Variance - What is variance?
Variance is the difference between budgeted or planned costs or sales and actual costs incurred or sales made.
Debitoor invoicing software helps small business take control of accounting and finances with expense tracking, VAT reports and bank reconciliation.
Understanding and analysing variance helps businesses understand current outgoings and budget for future expenses. Businesses therefore carry out variance analysis - a quantitative investigation into the differences between planned and actual costs and revenues.
Variance analysis can be applied to both revenues and expenses. When actual results are better than planned, variance is referred to as ‘favourable’. If results are worse than expected, variance is referred to as ‘adverse’ or ‘unfavourable’.

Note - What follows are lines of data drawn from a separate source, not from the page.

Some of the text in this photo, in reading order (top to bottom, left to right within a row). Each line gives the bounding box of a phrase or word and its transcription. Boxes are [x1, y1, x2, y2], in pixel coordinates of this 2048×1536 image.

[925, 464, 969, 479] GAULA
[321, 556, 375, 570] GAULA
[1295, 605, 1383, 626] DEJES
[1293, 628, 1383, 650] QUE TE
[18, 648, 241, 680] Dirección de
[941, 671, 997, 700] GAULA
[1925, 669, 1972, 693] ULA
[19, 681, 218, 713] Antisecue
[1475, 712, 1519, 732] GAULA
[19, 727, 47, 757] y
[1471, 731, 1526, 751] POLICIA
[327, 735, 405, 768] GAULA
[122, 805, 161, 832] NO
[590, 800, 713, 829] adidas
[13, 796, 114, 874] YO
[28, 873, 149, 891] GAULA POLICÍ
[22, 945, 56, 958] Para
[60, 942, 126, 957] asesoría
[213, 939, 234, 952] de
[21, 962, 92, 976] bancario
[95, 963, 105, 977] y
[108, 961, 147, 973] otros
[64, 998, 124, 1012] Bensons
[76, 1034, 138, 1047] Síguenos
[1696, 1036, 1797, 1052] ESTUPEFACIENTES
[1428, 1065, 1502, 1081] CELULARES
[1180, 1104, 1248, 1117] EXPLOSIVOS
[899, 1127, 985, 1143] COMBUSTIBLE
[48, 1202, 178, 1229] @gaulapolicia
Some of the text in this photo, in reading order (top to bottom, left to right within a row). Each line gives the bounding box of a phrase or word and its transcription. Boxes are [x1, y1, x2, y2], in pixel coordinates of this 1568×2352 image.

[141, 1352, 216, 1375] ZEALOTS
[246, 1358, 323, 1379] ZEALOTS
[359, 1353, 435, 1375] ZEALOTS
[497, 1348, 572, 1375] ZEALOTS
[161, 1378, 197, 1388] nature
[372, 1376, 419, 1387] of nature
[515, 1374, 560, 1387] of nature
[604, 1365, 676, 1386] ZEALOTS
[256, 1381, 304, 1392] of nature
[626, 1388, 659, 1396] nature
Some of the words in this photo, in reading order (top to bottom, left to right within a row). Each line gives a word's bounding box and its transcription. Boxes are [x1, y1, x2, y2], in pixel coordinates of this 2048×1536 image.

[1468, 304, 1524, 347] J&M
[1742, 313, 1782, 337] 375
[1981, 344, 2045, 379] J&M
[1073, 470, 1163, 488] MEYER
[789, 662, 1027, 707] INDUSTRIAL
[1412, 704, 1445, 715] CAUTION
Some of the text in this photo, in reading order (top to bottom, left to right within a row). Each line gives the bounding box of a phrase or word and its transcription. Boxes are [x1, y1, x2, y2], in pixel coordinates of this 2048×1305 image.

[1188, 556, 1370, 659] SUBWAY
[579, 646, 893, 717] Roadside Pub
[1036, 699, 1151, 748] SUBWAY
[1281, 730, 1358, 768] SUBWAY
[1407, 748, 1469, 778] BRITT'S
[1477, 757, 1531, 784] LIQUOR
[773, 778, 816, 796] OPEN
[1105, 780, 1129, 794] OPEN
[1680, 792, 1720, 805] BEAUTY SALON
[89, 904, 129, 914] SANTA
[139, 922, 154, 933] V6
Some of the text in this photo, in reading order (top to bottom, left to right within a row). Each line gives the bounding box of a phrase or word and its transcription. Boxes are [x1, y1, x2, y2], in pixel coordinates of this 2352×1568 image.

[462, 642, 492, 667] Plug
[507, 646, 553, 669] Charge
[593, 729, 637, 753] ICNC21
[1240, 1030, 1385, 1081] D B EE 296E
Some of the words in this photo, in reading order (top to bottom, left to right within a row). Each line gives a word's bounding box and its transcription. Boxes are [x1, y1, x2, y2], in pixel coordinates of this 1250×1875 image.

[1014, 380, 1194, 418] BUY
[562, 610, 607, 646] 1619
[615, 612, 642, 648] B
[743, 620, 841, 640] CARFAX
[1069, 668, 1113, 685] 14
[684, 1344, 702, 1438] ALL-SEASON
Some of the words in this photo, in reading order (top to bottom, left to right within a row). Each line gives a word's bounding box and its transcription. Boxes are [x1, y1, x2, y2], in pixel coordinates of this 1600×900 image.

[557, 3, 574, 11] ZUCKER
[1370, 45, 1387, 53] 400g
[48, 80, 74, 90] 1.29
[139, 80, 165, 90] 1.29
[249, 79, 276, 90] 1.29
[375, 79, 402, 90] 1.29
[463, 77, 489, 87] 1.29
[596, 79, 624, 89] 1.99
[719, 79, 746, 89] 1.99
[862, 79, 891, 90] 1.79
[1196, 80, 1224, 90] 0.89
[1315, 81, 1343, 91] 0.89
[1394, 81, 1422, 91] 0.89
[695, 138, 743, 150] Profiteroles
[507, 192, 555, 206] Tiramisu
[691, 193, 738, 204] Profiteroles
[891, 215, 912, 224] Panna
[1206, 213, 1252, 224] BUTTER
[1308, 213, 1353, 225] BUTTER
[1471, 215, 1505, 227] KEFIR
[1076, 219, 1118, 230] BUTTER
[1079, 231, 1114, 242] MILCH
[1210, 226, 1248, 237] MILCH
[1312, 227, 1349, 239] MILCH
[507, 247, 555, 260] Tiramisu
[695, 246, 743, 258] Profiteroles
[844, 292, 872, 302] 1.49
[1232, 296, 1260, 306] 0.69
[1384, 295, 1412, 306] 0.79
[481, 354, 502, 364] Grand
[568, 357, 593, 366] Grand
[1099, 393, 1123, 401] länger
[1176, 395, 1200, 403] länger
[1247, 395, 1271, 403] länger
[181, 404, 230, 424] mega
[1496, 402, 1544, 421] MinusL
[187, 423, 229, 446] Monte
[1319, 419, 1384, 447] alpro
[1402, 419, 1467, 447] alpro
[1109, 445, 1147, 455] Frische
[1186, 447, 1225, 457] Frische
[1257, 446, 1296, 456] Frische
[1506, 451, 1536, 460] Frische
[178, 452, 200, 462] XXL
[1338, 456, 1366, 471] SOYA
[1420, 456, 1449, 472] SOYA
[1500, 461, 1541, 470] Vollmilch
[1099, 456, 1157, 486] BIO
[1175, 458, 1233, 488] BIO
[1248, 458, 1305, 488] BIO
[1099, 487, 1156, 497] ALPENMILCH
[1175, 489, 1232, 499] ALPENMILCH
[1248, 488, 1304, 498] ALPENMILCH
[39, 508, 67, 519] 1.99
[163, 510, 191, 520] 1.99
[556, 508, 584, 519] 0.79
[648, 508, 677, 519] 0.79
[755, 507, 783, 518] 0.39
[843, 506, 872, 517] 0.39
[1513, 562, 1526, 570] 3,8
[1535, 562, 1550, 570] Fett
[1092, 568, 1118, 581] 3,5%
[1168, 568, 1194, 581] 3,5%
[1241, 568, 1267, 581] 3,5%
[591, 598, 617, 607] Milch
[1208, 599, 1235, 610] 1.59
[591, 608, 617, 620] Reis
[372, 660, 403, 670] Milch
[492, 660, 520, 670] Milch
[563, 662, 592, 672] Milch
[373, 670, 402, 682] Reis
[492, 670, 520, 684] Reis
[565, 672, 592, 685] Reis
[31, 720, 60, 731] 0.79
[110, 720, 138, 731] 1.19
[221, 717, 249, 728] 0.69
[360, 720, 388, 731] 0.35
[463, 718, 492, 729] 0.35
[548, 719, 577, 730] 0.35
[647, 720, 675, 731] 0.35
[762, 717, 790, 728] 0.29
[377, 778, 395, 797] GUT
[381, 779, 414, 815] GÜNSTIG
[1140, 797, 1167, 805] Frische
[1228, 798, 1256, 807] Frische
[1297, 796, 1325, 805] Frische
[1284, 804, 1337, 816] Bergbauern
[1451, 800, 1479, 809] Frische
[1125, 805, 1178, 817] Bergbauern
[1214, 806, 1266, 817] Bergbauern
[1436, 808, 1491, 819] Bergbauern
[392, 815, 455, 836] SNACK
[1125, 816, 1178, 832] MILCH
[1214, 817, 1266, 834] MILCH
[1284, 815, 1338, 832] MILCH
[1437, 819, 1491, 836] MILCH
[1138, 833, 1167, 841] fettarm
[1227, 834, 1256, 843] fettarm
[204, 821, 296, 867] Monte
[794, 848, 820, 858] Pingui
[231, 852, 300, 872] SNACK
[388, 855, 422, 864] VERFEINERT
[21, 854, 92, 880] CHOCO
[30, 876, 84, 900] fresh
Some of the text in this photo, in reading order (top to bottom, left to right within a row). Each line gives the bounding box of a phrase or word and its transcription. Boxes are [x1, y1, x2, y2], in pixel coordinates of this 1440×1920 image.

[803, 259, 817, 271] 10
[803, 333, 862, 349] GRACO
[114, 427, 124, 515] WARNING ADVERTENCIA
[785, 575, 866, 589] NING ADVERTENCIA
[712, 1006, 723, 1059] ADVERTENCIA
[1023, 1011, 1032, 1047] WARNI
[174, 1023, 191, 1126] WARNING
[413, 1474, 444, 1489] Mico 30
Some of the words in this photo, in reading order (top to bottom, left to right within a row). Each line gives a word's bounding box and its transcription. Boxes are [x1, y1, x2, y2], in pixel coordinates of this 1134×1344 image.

There are four main forms of variance:
- Sales variance
- Direct material variance
- Direct labour variance
- Overhead variance
Sales variance is the difference between planned or expected sales and actual sales made. Analysing sales variance helps to measure sales performance, understand market conditions and evaluate business results.
The main two types of sales variance, and both can occur at the same time:
- Sales price variance: when sales are made at a price higher or lower than expected.
- Sales volume variance: a difference between the expected volume of sales and the planned volume of sales.
Direct material variance
Direct material variance is the difference between the expected cost and quantity of inventory materials to used in production compared to the cost and quantity of materials actually used in production. Direct material variance can result from two conditions:
- Purchase price variance: a discrepancy between the expected and actual prices paid for materials.
- Material yield variance: a difference between the quantity of materials expected to be used for the standard number of units produced, and the actual quantity of materials used.
Direct labour variance
Direct labour variance is the difference between the standard or expected cost for labour related to production, and the actual or incurred cost. Direct labour variance is made up of two components:
- Labour rate variance: the difference between the standard cost and the actual cost paid for the actual number of labour hours.
- Labour efficiency variance: a difference in the number of units expected to be produced in a standard hour of labour, and the actual number of units produced.
All businesses have ongoing business expenses, or overheads. Some overheads are fixed, meaning that the cost does not change depending on the level of production, whereas other overheads are variable, meaning that the cost varies according to the level of business activity.
Overhead variance occurs when the day-to-day costs of running a business differs from the amount budgeted and can occur with both variable and fixed overheads.